The Norman Transcript

State/Region

December 28, 2013

Brogdon faces new challenges in gov’s race

OKLAHOMA CITY — A conservative Republican state senator who rode a tea party wave four years ago that nearly landed him in a primary runoff with Gov. Mary Fallin will face some added challenges in 2014, including dampened tea party enthusiasm and a popular incumbent governor.

Randy Brogdon announced his candidacy through social media on Christmas Day, setting up a potential rematch against Fallin, who won 55 percent of the vote over Brogdon and two lesser-known candidates in the 2010 GOP primary. But that was at the height of tea party enthusiasm in Oklahoma, when rallies at the state Capitol drew thousands of conservative voters and provided a readymade audience for Brogdon’s anti-government message.

Fallin will enjoy the power of incumbency in the race for the governor’s seat in 2014, and she has provided few openings during her first term in office for a right-wing challenger to exploit.

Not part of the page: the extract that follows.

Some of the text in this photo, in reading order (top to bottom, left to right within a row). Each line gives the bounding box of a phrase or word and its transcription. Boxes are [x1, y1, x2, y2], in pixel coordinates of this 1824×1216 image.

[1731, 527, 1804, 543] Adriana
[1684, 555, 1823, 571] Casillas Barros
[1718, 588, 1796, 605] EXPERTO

“It’s hard to get everybody hyped up again and worked up to that fever pitch, especially against a conservative incumbent governor who has not gotten in the way of any of the state’s rights efforts that have been coming out of the state legislature or the attorney general’s office,” said Keith Gaddie, a political science professor at the University of Oklahoma who closely followed Oklahoma’s 2010 gubernatorial race.

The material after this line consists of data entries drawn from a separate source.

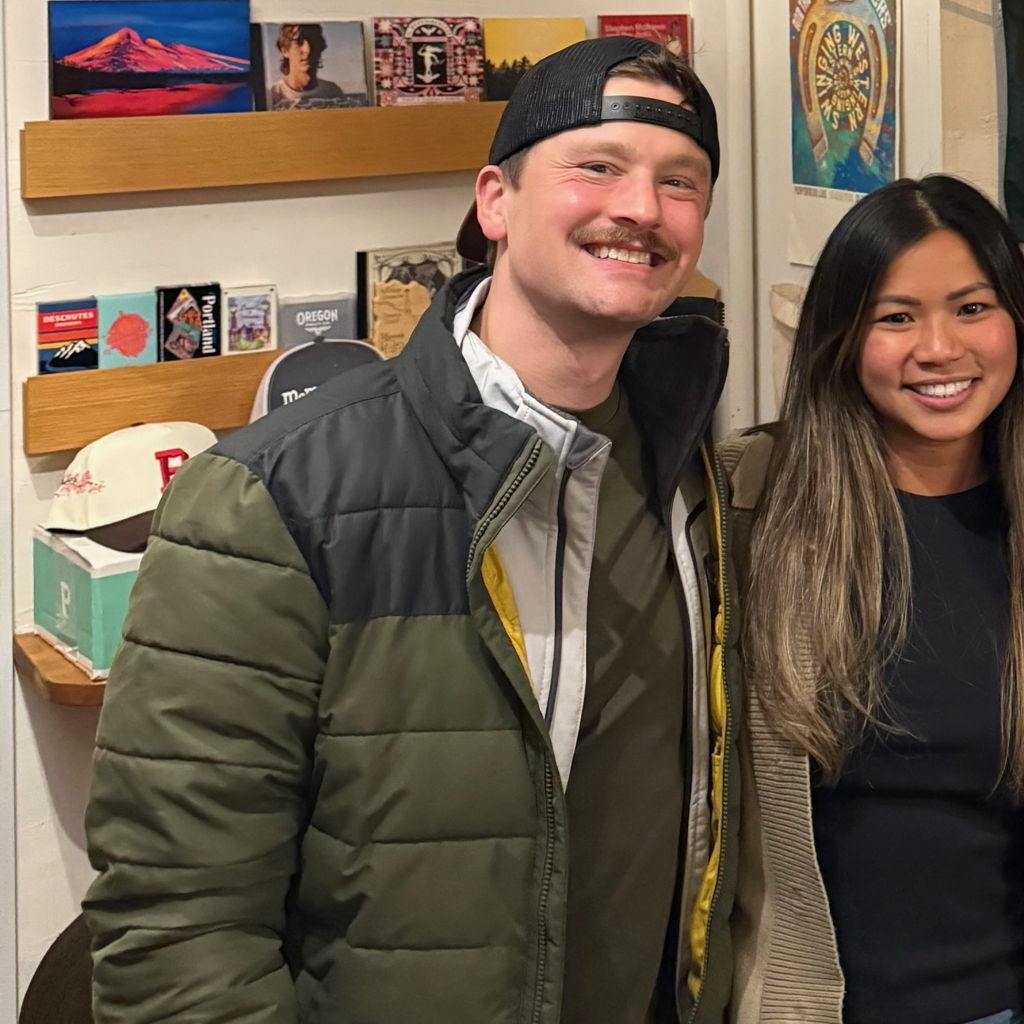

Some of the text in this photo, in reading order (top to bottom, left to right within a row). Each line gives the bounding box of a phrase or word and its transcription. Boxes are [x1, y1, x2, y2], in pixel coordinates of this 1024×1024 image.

[42, 311, 95, 324] DESCHUTES
[201, 294, 217, 355] Portland
[296, 308, 339, 327] OREGON
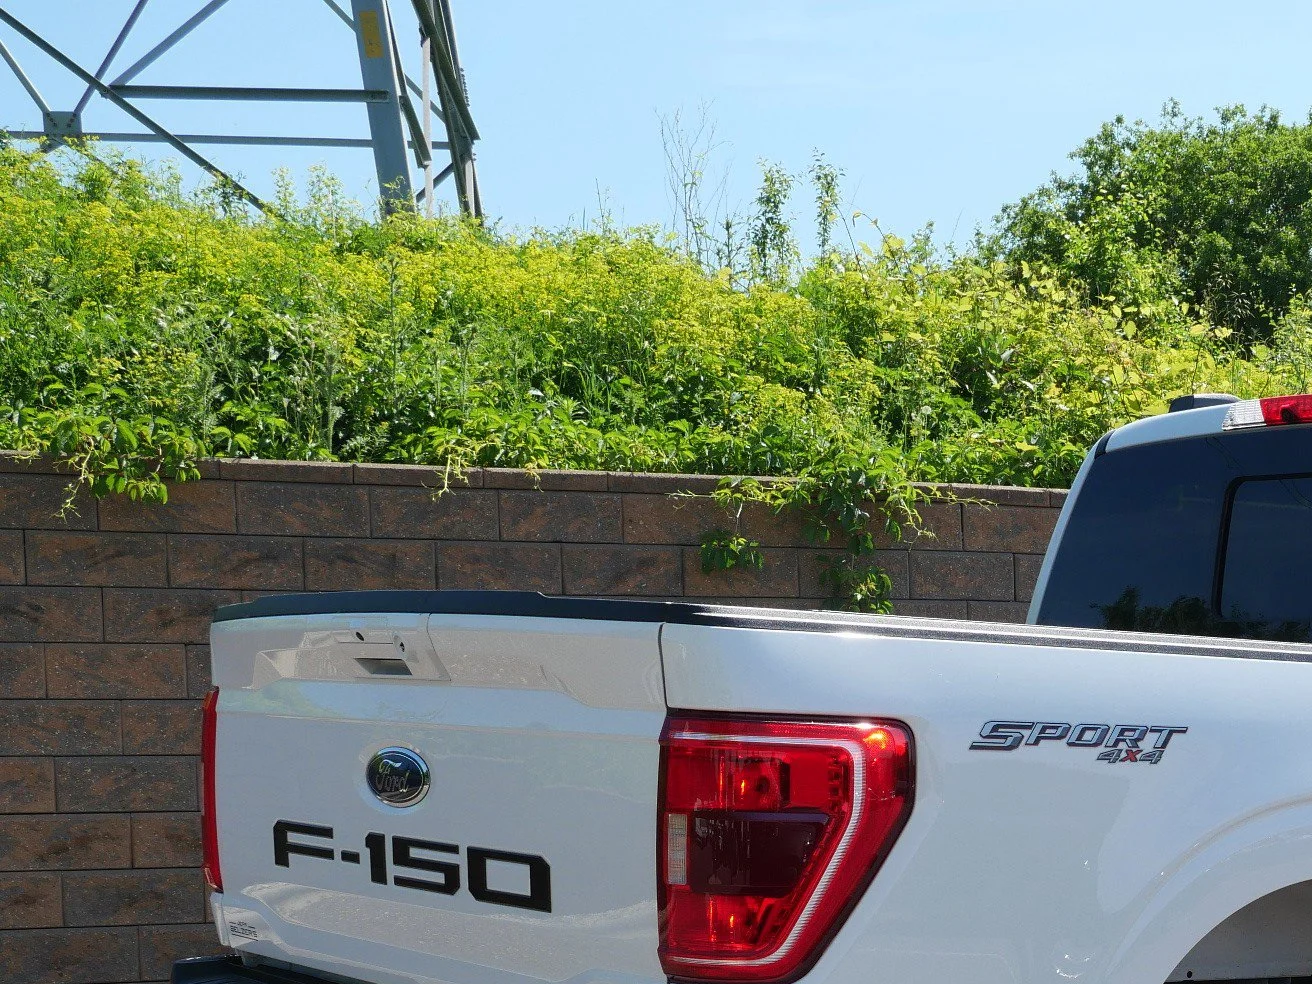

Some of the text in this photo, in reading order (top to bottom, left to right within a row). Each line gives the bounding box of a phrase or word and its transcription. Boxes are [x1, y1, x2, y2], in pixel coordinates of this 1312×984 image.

[970, 721, 1188, 751] SPORT
[1097, 749, 1164, 764] 4x4
[375, 759, 410, 793] Ford
[274, 820, 552, 913] F-150

“It’s really rare to see an incumbent governor get knocked off in the primary unless they’ve got troubles, and Mary Fallin just doesn’t have troubles right now, at least as far as we can tell.”

But for many conservative grassroots activists who think Fallin is too moderate or too cozy with big business, Brogdon’s foray into the race is a welcome one.

Charlie Meadows, whose Oklahoma Conservative PAC has been a longtime fixture of the state GOP’s right wing, called Brogdon’s announcement a “wonderful Christmas gift.”